Avanço do mar

Praias ganham muros

Devido mudanças climáticas, cidades do litoral brasileiro investem em obras de contenção para evitar avanço do mar nas áreas urbanas.

Orla do Pontal da Barra, Maceió (AL), recebe muro de contenção.Jonathan Lins / Secom Maceió
Orla do Pontal da Barra, Maceió (AL), recebe muro de contenção.

Devido as mudanças climáticas, as cidades do litoral de São Paulo e outros Estados investem em obras de contenção para evitar o avanço do mar nas áreas urbanas. Segundo o jornal Estadão, entre as medidas, estão paredes para segurar ressacas, barreiras submersas para amenizar as ondas e o alargamento de praias, com colocação de areia do próprio mar.

Especialistas afirmam que as medidas são paliativas, já que o aquecimento global vai tornar as ressacas mais frequentes e severas.
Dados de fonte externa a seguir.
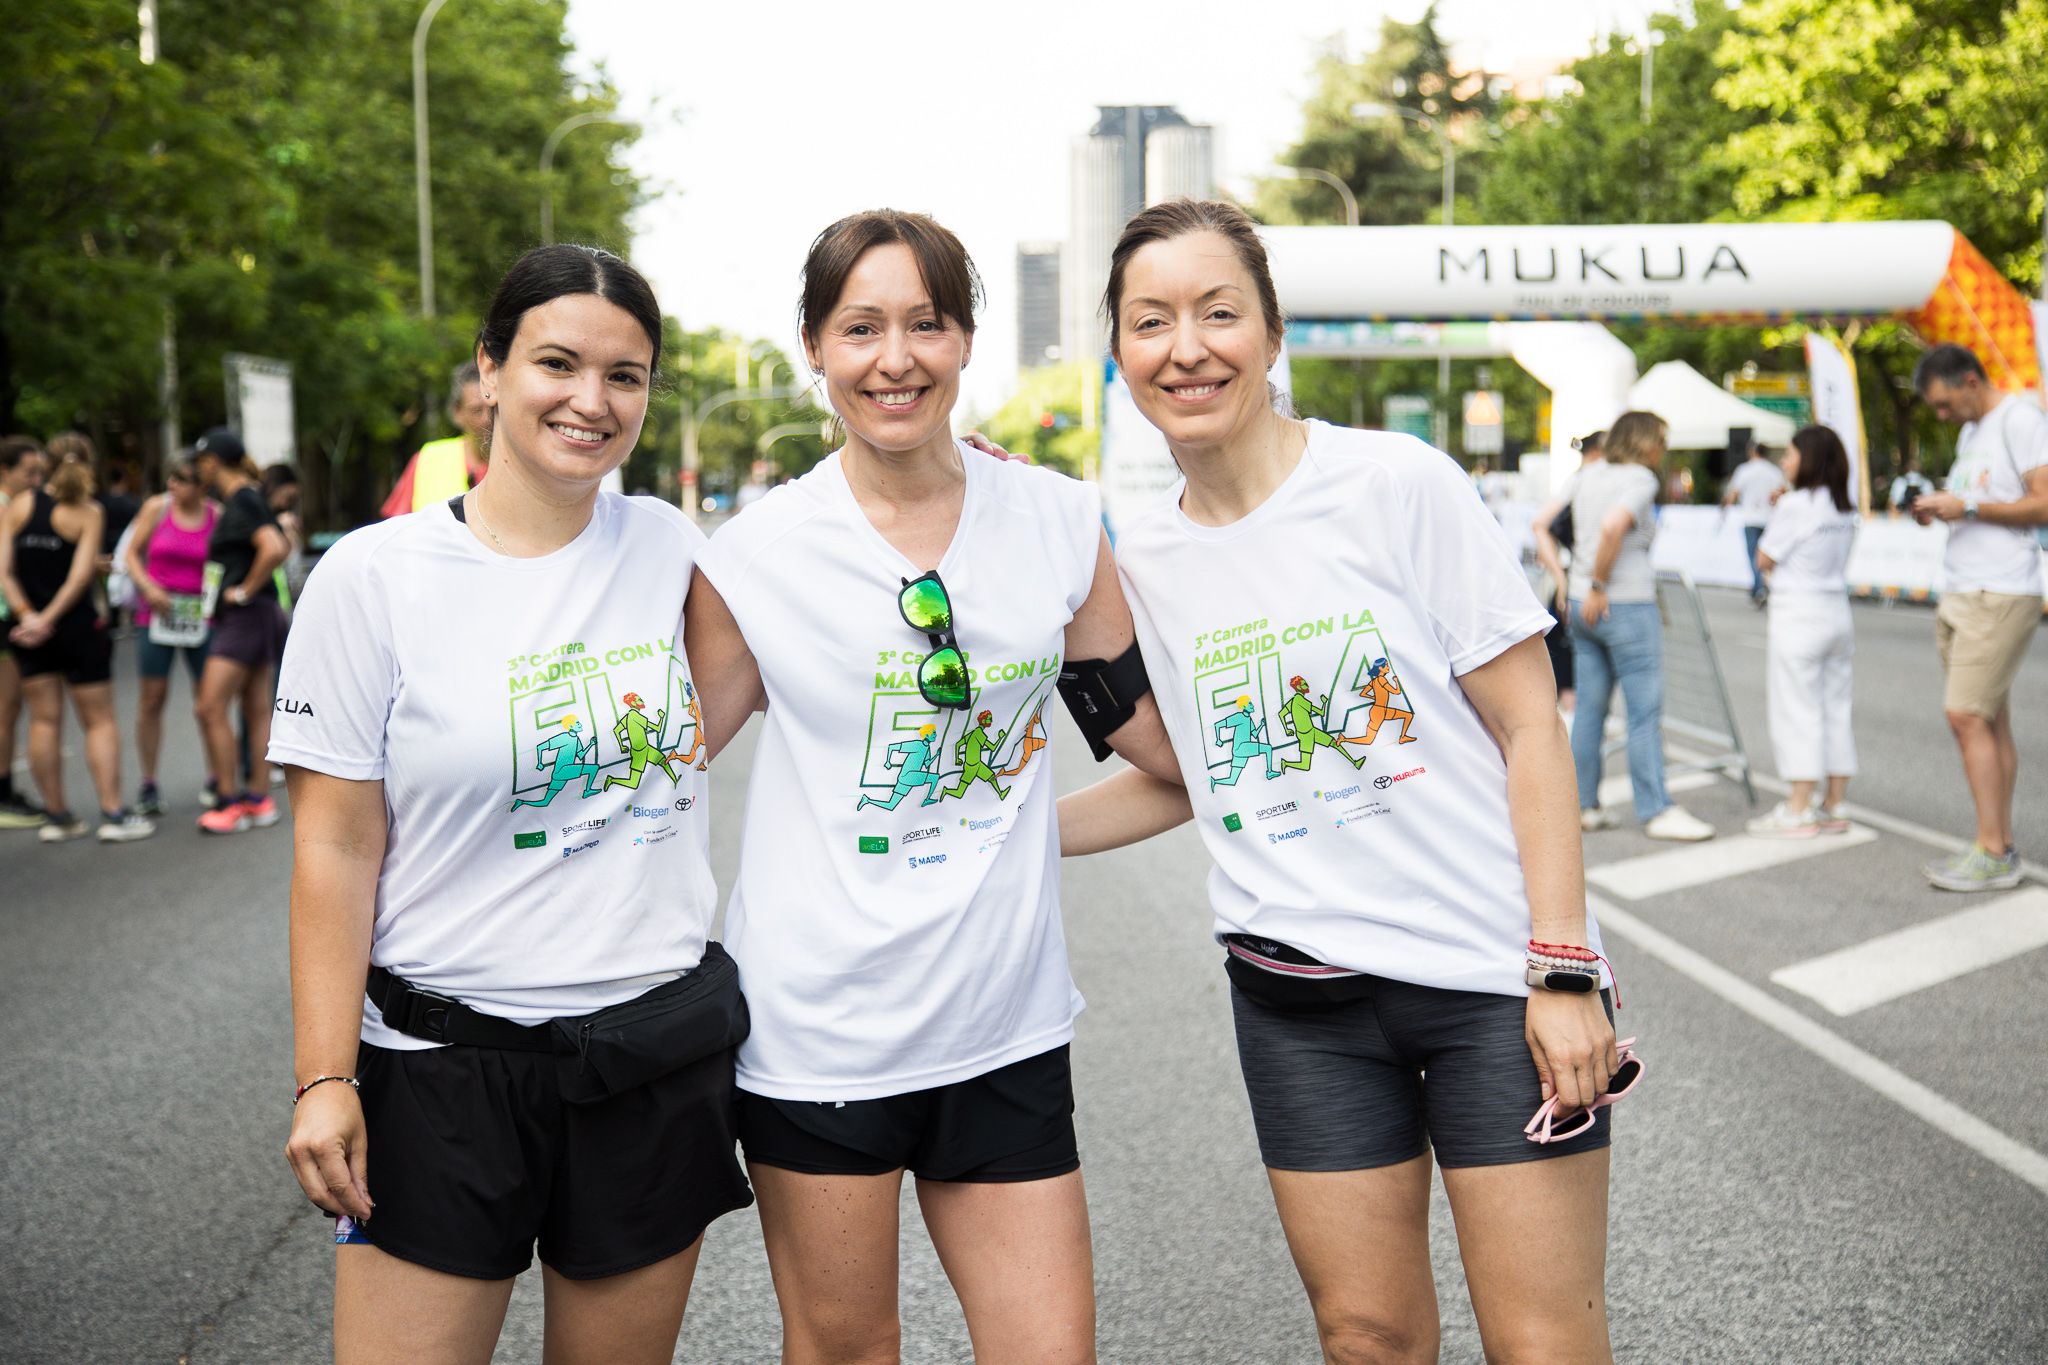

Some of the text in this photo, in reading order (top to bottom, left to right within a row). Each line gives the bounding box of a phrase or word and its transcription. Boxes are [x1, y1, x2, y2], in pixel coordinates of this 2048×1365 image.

[1437, 244, 1751, 282] MUKUA
[1193, 608, 1376, 673] MADRID CON LA
[1194, 617, 1268, 650] 3ª Carrera
[507, 640, 585, 672] 3ª Carrera
[508, 635, 676, 694] MADRID CON L
[876, 650, 897, 666] 3ª
[874, 653, 1059, 689] MAD CON LA
[1324, 784, 1361, 802] Biogen
[633, 806, 670, 819] Biogen
[562, 821, 588, 836] SPORT
[588, 818, 607, 828] LIFE
[925, 826, 941, 836] LIFE
[969, 815, 1003, 831] Biogen
[1277, 827, 1308, 842] MADRID
[571, 839, 600, 855] MADRID
[918, 854, 947, 865] MADRID
Para eles, o mais importante é reduzir a ocupação da orla, o que geralmente ocorre sem planejamento.

Ainda de acordo com o Estadão, o governo federal iniciará em 2024 o Plano Clima, que vai liberar R$ 10 bilhões em dez anos para Estados e municípios executarem projetos de adaptação à mudança do clima, incluindo soluções locais para o aumento do nível do mar. O governo paulista informou ter desenvolvido um sistema de aviso de ressacas e inundações costeiras no litoral paulista e já treina agentes municipais para o uso adequado dos alertas.

No litoral de São Paulo, a prefeitura de Mongaguá está construindo muretas de contenção mais largas e altas para resistir à força das ressacas e marés em toda a extensão da praia. Em março de 2020, uma forte ressaca destruiu as muretas existentes e estragou calçadões e vias urbanas. Quiosques foram danificados, postes de iluminação, arrancados, e obstáculos de prédios caíram com a força das ondas, que arrastaram carros.
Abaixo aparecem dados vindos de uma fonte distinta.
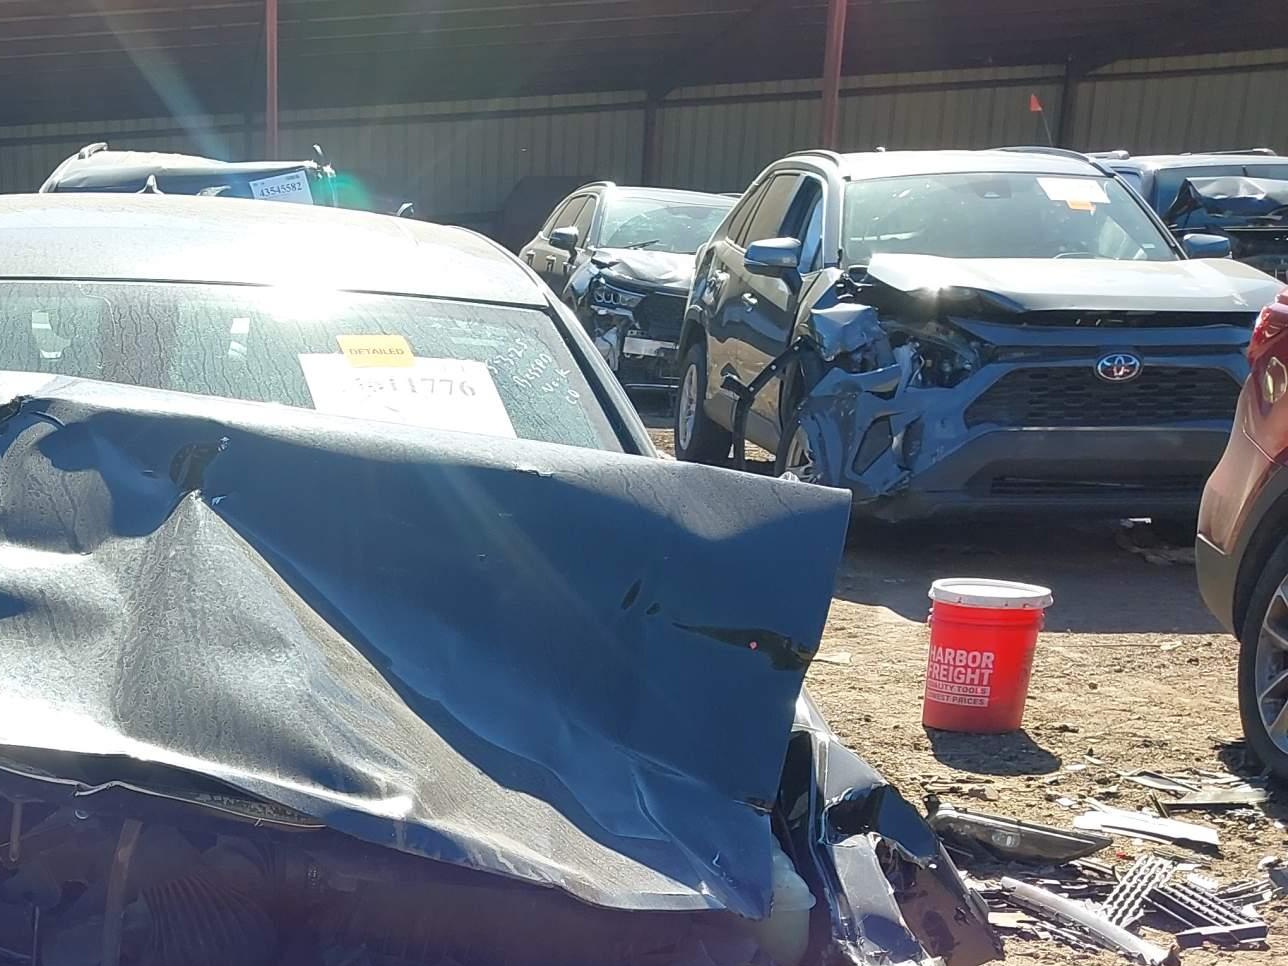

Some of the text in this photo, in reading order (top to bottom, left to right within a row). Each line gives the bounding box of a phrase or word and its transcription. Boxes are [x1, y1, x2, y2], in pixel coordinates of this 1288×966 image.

As características se repetiram outras vezes, a última em setembro deste ano, segundo o representante comercial Abílio Rosa, que mora em prédio de frente para o mar. “Eu estava com minha família no apartamento, no térreo, quando a onda inundou todo o estacionamento e chegou até nossa escada. Depois vimos que toda a avenida tinha virado mar”, conta.
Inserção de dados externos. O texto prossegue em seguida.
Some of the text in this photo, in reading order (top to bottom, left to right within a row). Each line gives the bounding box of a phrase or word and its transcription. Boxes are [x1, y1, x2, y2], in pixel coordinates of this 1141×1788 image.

Conforme a prefeitura, as ressacas entopem tubulações e bueiros, danificando a rede de drenagem. As obras da nova estrutura se concentram na Avenida Mário Covas, na orla da Praia Grande. A nova mureta está sendo reforçada com armações de ferro, enrocamento e fundações mais profundas. O muro terá cerca de 6 quilômetros de extensão, entre o centro e a divisa com a Praia Grande.

Em Ubatuba, litoral norte paulista, a prefeitura usou cerca de R$ 2 milhões para recuperar uma mureta de contenção do calçadão da Avenida 9 de Julho, depois de ter sido destruída por uma ressaca há dois anos. Na Praia do Itaguá, foi recuperado o muro de contenção da Avenida Leovigildo Dias Vieira. Este ano, ondas fortes voltaram a cobrir totalmente as faixas de areia e atingir a infraestrutura urbana nas praias de Ubatumirim, Tenório e Enseada.

São Sebastião vai construir muros de pedras e barreiras de concreto para recompor o leito de um rio que sofre o impacto das ressacas na Praia Toque-Toque Grande.

A cidade foi atingida por uma catástrofe climática em fevereiro, com a penetração de morros e o avanço do mar sobre a orla. Outras praias, como Boiçucanga, Baleia, Cambury, Barra do Una e Juquehy, estão com obras planejadas.

Sacolas de areia

Santos tem estudos para ampliar as barreiras de proteção compostas por geobags, enormes sacos de areia localizados abaixo da linha d’água para diminuir os efeitos das ressacas.

Nos últimos anos, algumas regiões da cidade foram invadidas por ondas fortes, causando destruição. O projeto foi iniciado em 2018, na Ponta da Praia, por meio de parceria entre a Universidade Estadual de Campinas (Unicamp) e a Secretaria Municipal de Meio Ambiente.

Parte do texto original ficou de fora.